◆ **Work instruction**
Transcribe all the lines below exactly. Omit the pictures.

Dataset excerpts
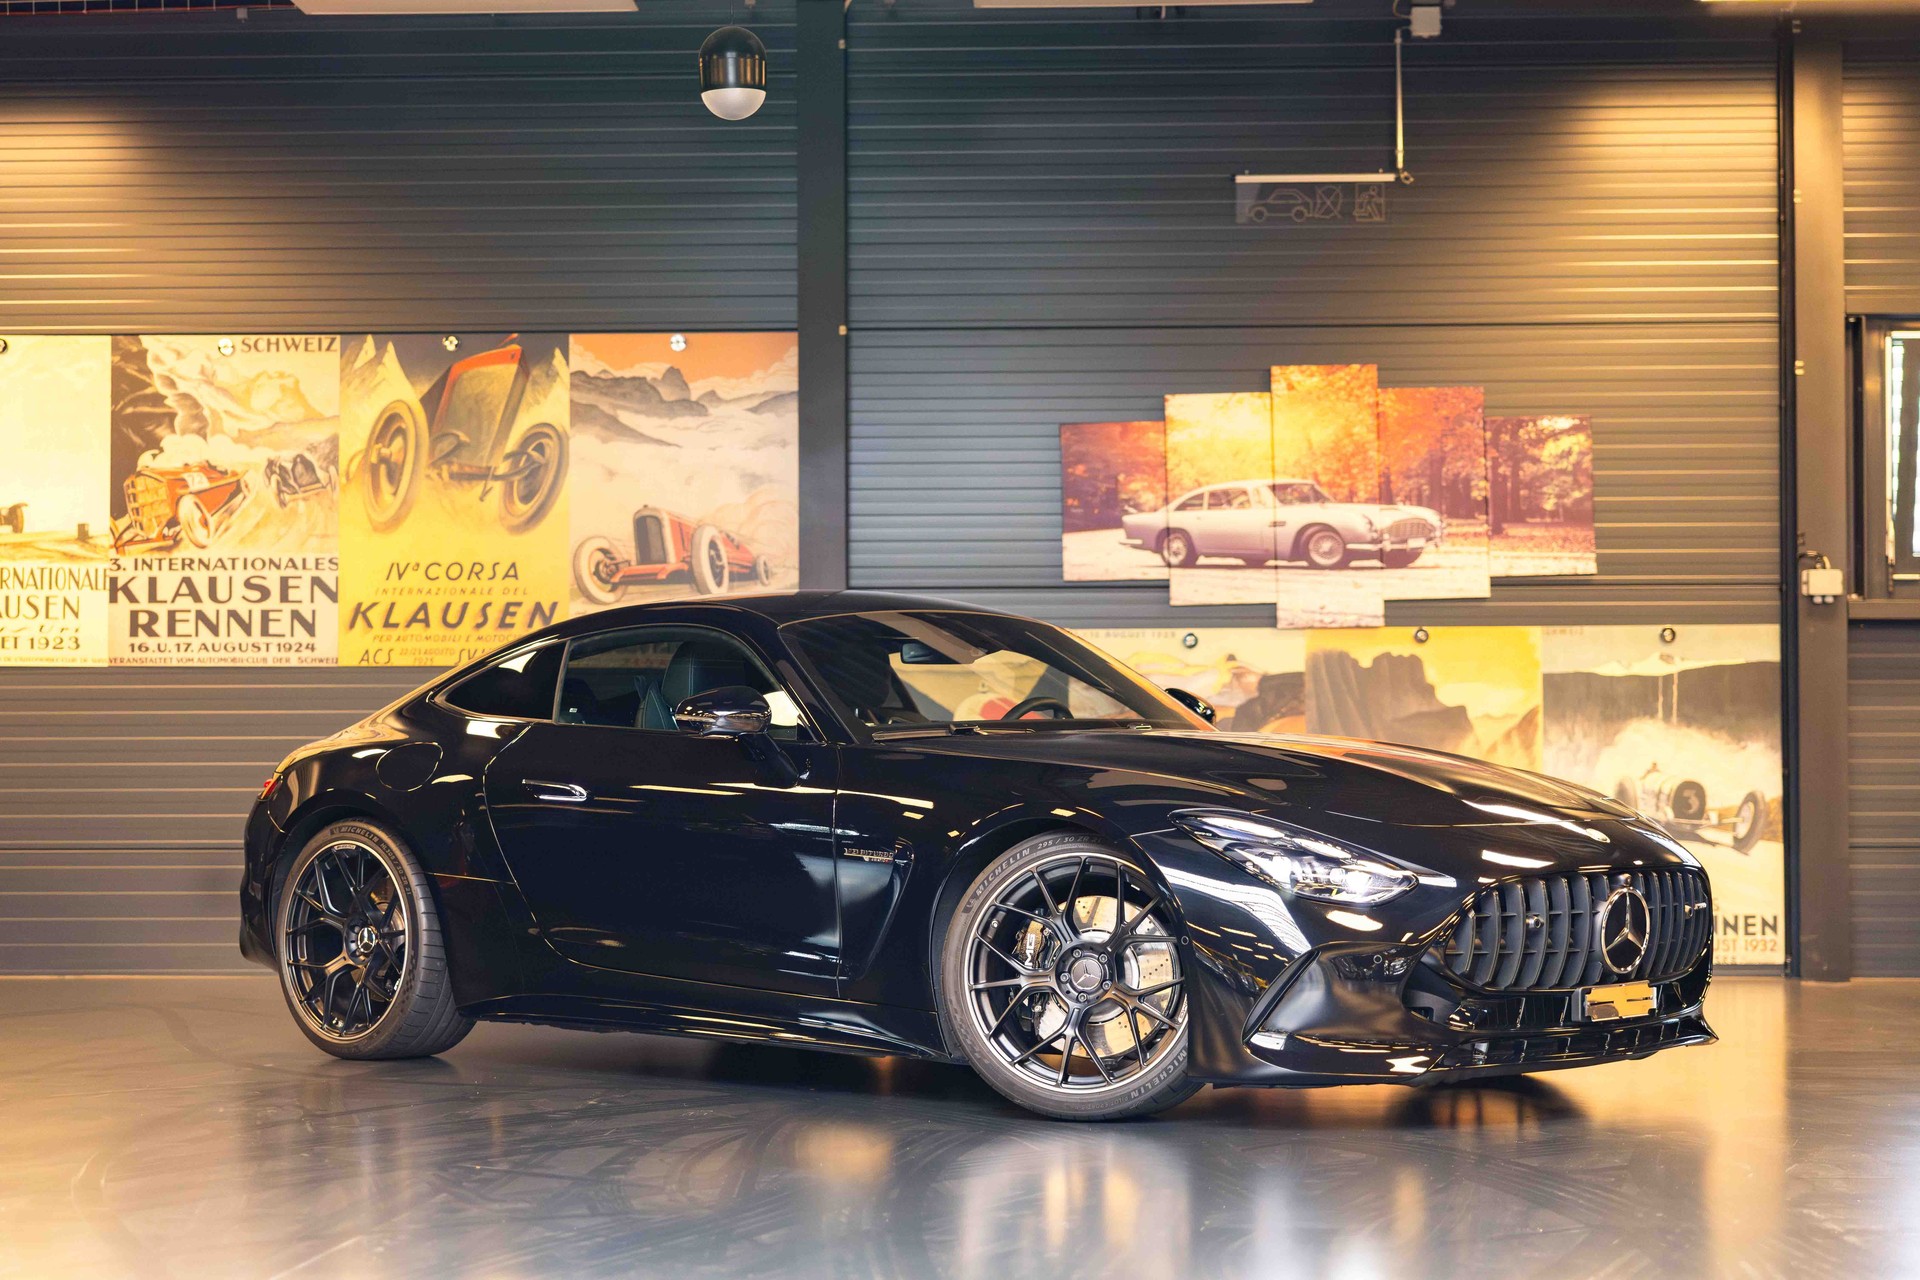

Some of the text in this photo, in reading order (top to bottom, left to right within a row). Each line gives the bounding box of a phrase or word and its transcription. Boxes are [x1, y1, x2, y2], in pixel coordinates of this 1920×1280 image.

[241, 337, 337, 352] SCHWEIZ
[109, 557, 338, 571] 3. INTERNATIONALES
[425, 562, 519, 580] CORSA
[109, 576, 338, 604] KLAUSEN
[375, 587, 528, 596] INTERNAZIONALE DEL
[0, 595, 80, 619] USEN
[129, 609, 316, 637] RENNEN
[349, 602, 558, 630] KLAUSEN
[29, 637, 80, 650] 1923
[373, 635, 393, 643] PER
[198, 642, 271, 653] AUGUST
[277, 642, 316, 653] 1924
[341, 827, 379, 842] MICHELIN
[1037, 840, 1053, 850] 295
[975, 848, 1031, 896] MICHELIN
[1744, 940, 1777, 952] 1932
[1130, 1050, 1187, 1099] MICHELIN

◆ **Written solution**
Some of the text in this photo, in reading order (top to bottom, left to right within a row). Each line gives the bounding box of a phrase or word and its transcription. Boxes are [x1, y1, x2, y2], in pixel coordinates of this 1920×1280 image.

[241, 337, 337, 352] SCHWEIZ
[109, 557, 338, 571] 3. INTERNATIONALES
[425, 562, 519, 580] CORSA
[109, 576, 338, 604] KLAUSEN
[375, 587, 528, 596] INTERNAZIONALE DEL
[0, 595, 80, 619] USEN
[129, 609, 316, 637] RENNEN
[349, 602, 558, 630] KLAUSEN
[29, 637, 80, 650] 1923
[373, 635, 393, 643] PER
[198, 642, 271, 653] AUGUST
[277, 642, 316, 653] 1924
[341, 827, 379, 842] MICHELIN
[1037, 840, 1053, 850] 295
[975, 848, 1031, 896] MICHELIN
[1744, 940, 1777, 952] 1932
[1130, 1050, 1187, 1099] MICHELIN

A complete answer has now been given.